What to produce: Each line below should be repeated exactly as written, with no pictures carried over.

─── Records provided ───

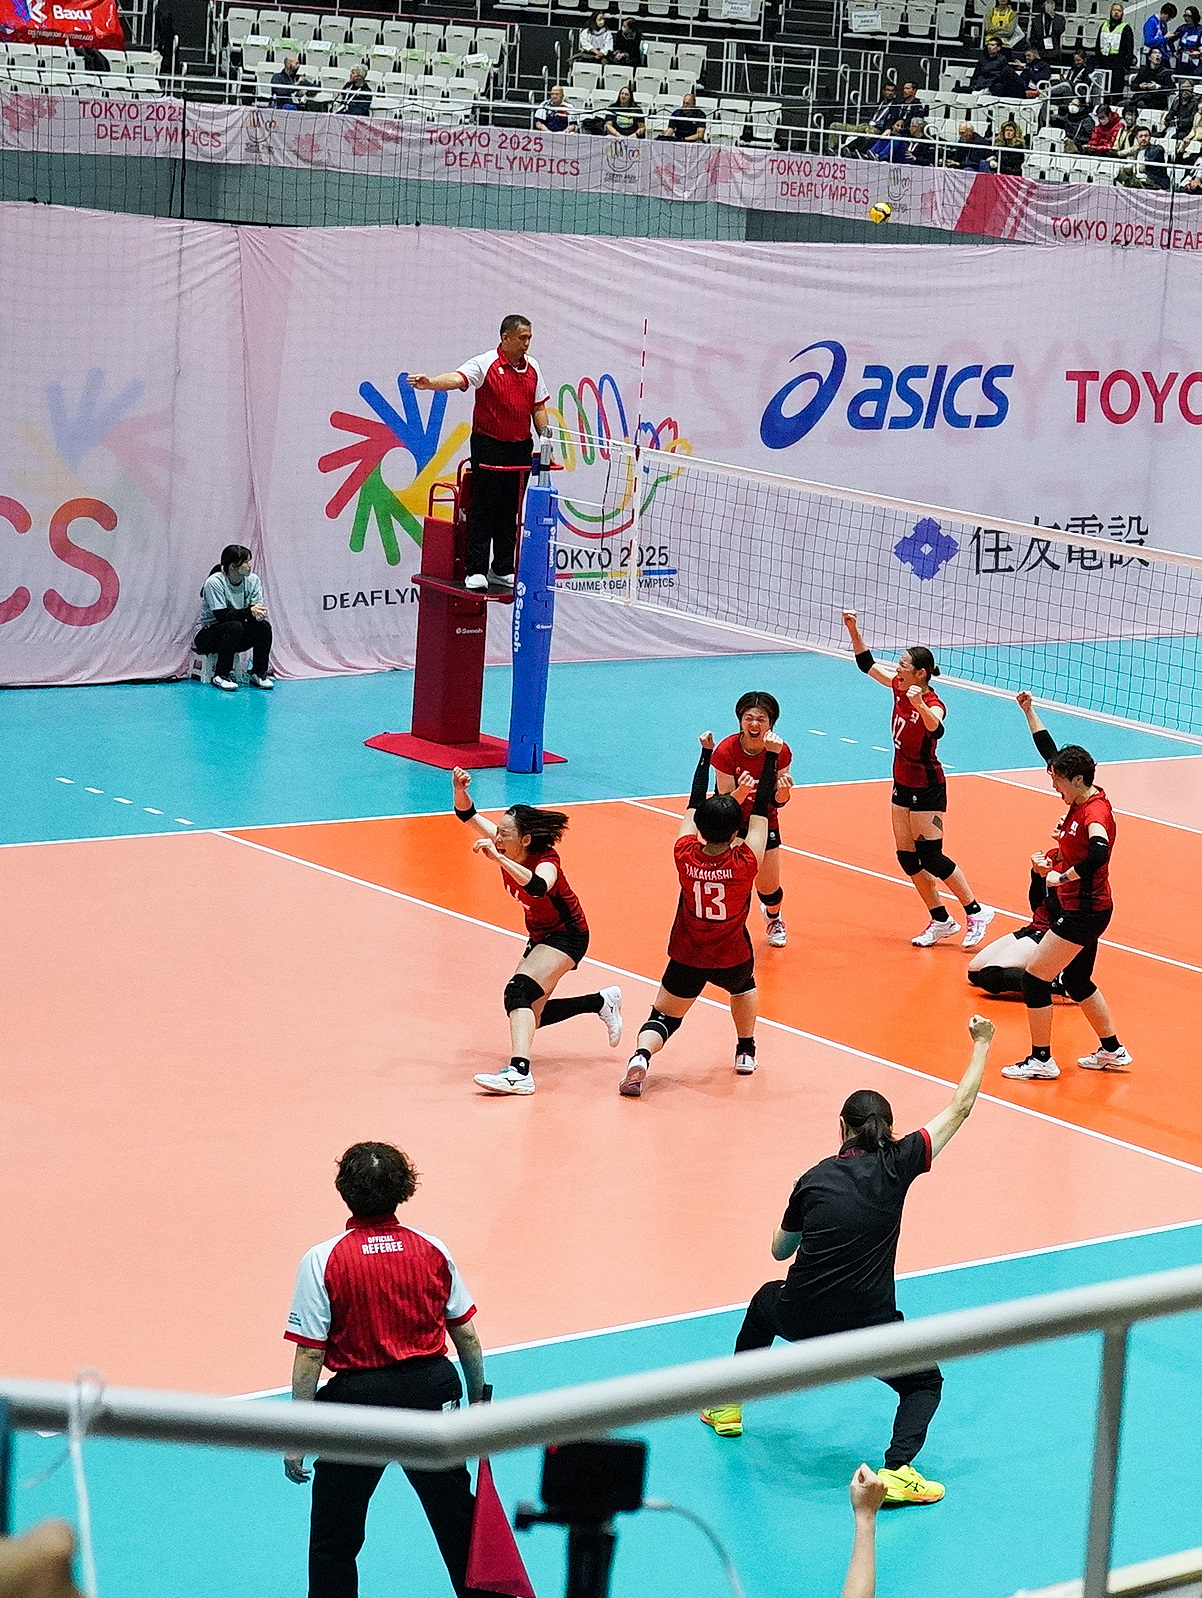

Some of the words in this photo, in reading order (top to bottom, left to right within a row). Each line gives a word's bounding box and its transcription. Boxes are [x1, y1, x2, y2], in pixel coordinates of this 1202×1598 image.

[78, 101, 139, 120] TOKYO
[96, 123, 222, 149] DEAFLYMPICS
[426, 129, 490, 148] TOKYO
[497, 133, 544, 152] 2025
[444, 151, 580, 176] DEAFLYMPICS
[769, 159, 812, 178] TOKYO
[816, 161, 847, 180] 2025
[780, 180, 870, 205] DEAFLYMPICS
[1051, 216, 1107, 241] TOKYO
[1113, 222, 1155, 246] 2025
[968, 513, 1151, 576] 住友電設
[556, 547, 612, 569] OKYO
[565, 581, 607, 591] SUMMER
[608, 578, 675, 590] DEAYMPICS
[513, 597, 524, 653] Senoh
[684, 862, 733, 881] TAKAHASHI
[693, 880, 727, 921] 13
[361, 1241, 405, 1255] REFEREE
[367, 1234, 395, 1244] OFFICIAL
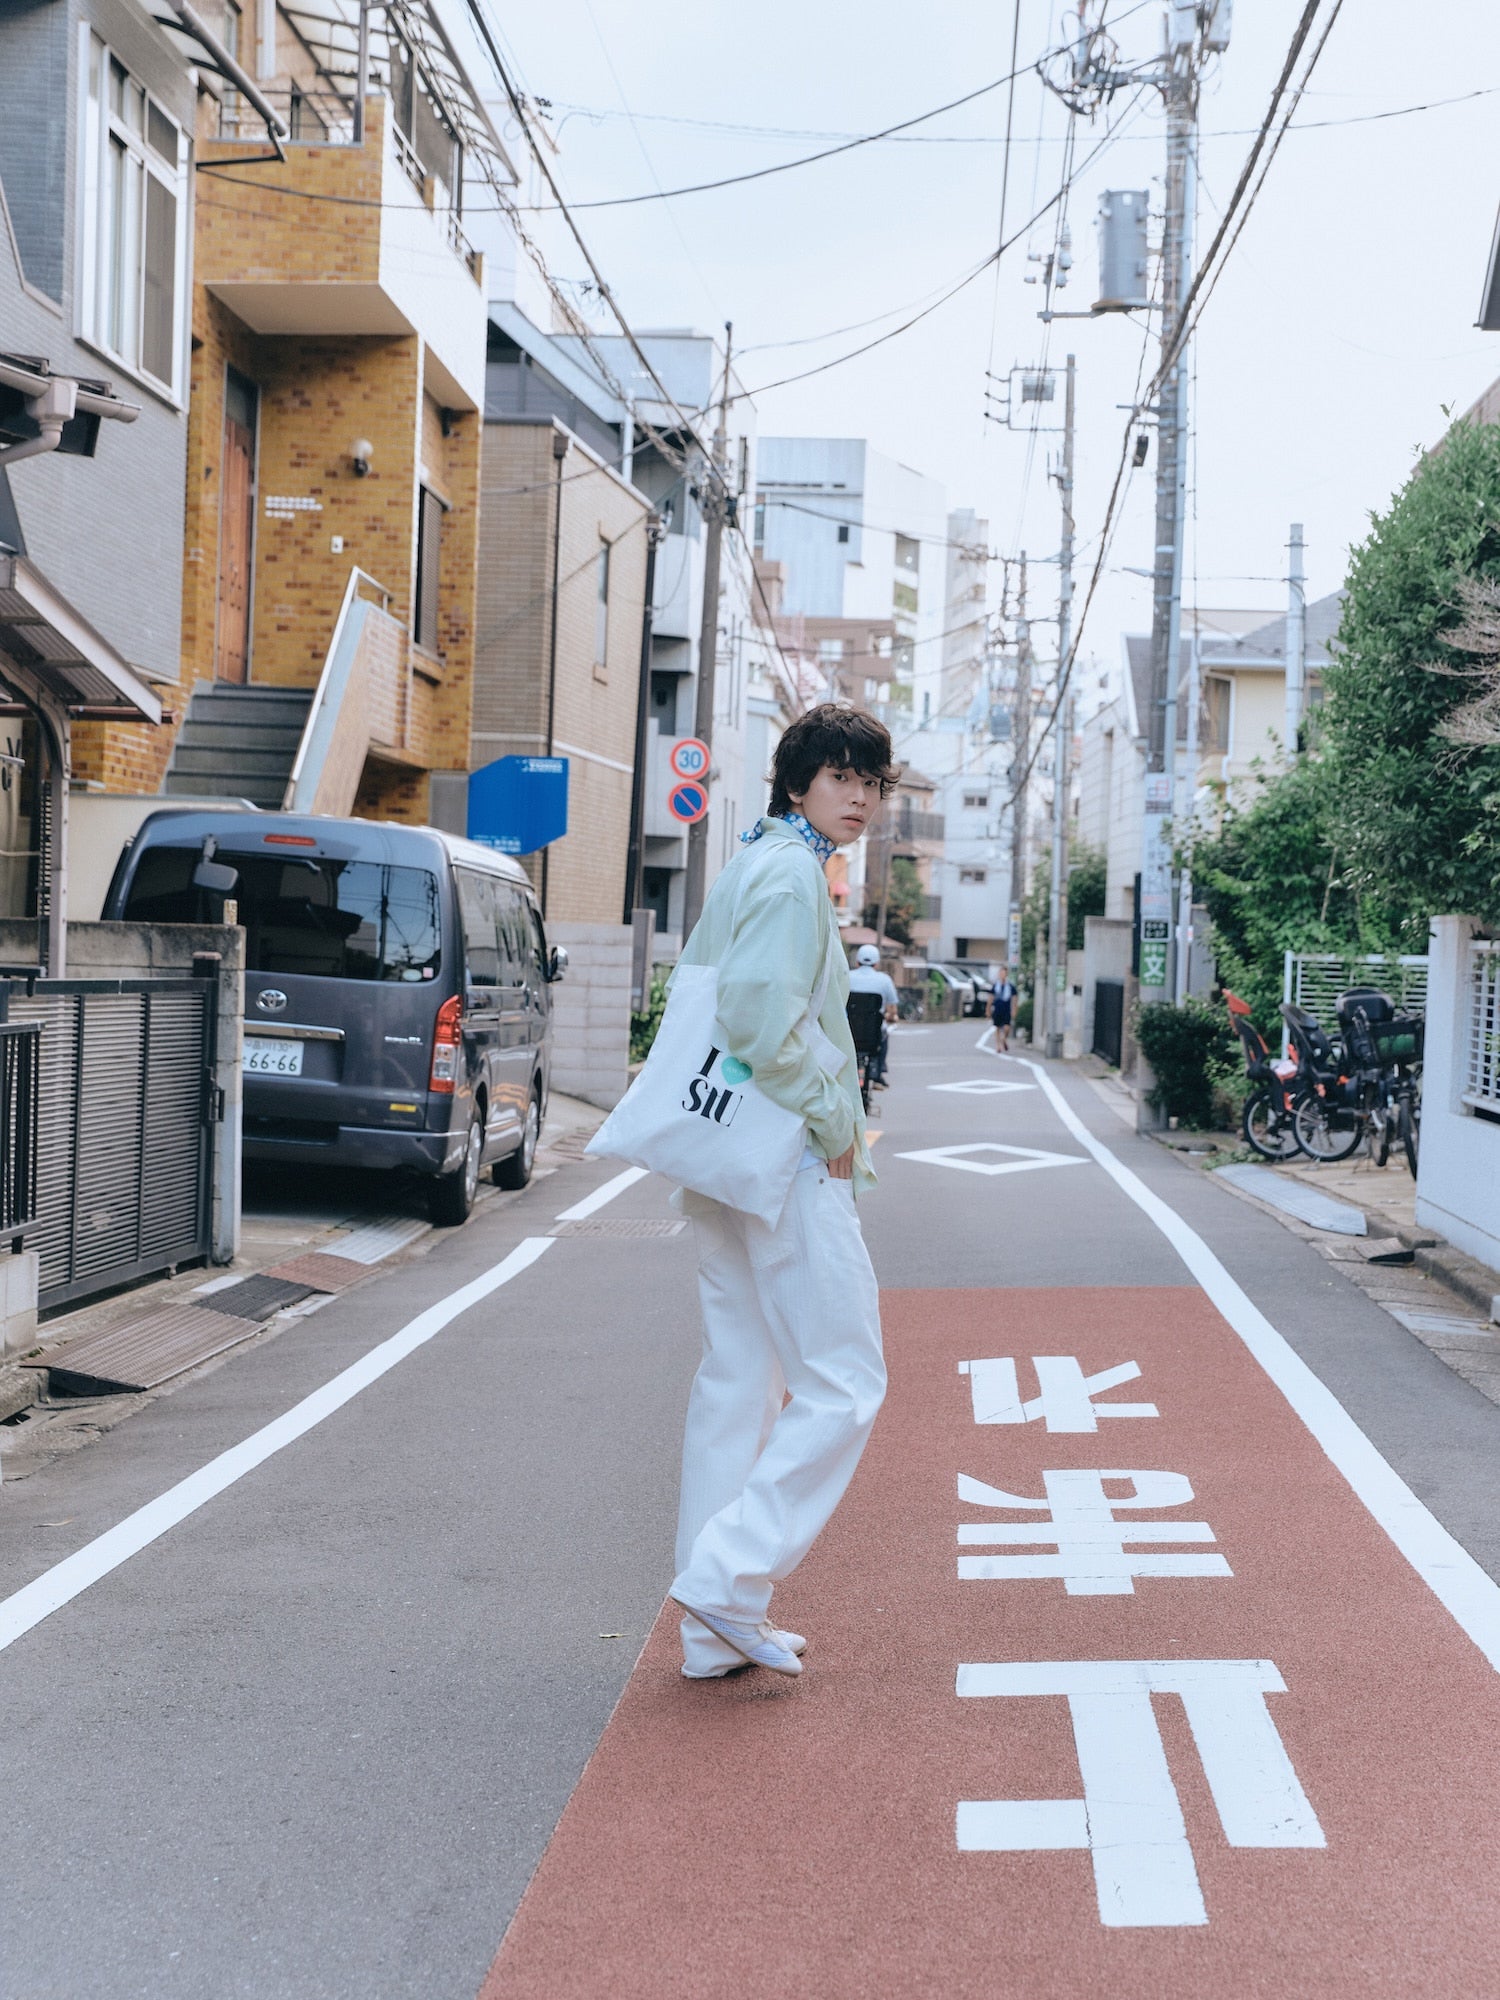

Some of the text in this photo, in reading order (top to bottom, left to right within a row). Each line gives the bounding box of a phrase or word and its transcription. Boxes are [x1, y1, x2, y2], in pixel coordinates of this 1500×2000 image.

[679, 750, 702, 769] 30
[1143, 953, 1165, 978] 文
[249, 1052, 298, 1072] 66-66
[696, 1044, 724, 1079] I

───

Solution below:
Some of the words in this photo, in reading order (top to bottom, left to right within a row). Each line gives a word's bounding box and its transcription. Boxes are [x1, y1, x2, y2], in pixel coordinates of this 1202×1598 image.

[78, 101, 139, 120] TOKYO
[96, 123, 222, 149] DEAFLYMPICS
[426, 129, 490, 148] TOKYO
[497, 133, 544, 152] 2025
[444, 151, 580, 176] DEAFLYMPICS
[769, 159, 812, 178] TOKYO
[816, 161, 847, 180] 2025
[780, 180, 870, 205] DEAFLYMPICS
[1051, 216, 1107, 241] TOKYO
[1113, 222, 1155, 246] 2025
[968, 513, 1151, 576] 住友電設
[556, 547, 612, 569] OKYO
[565, 581, 607, 591] SUMMER
[608, 578, 675, 590] DEAYMPICS
[513, 597, 524, 653] Senoh
[684, 862, 733, 881] TAKAHASHI
[693, 880, 727, 921] 13
[361, 1241, 405, 1255] REFEREE
[367, 1234, 395, 1244] OFFICIAL

Some of the text in this photo, in reading order (top to bottom, left to right within a row). Each line gives the bounding box of a phrase or word and its transcription. Boxes are [x1, y1, x2, y2], in pixel coordinates of this 1500×2000 image.

[679, 750, 702, 769] 30
[1143, 953, 1165, 978] 文
[249, 1052, 298, 1072] 66-66
[696, 1044, 724, 1079] I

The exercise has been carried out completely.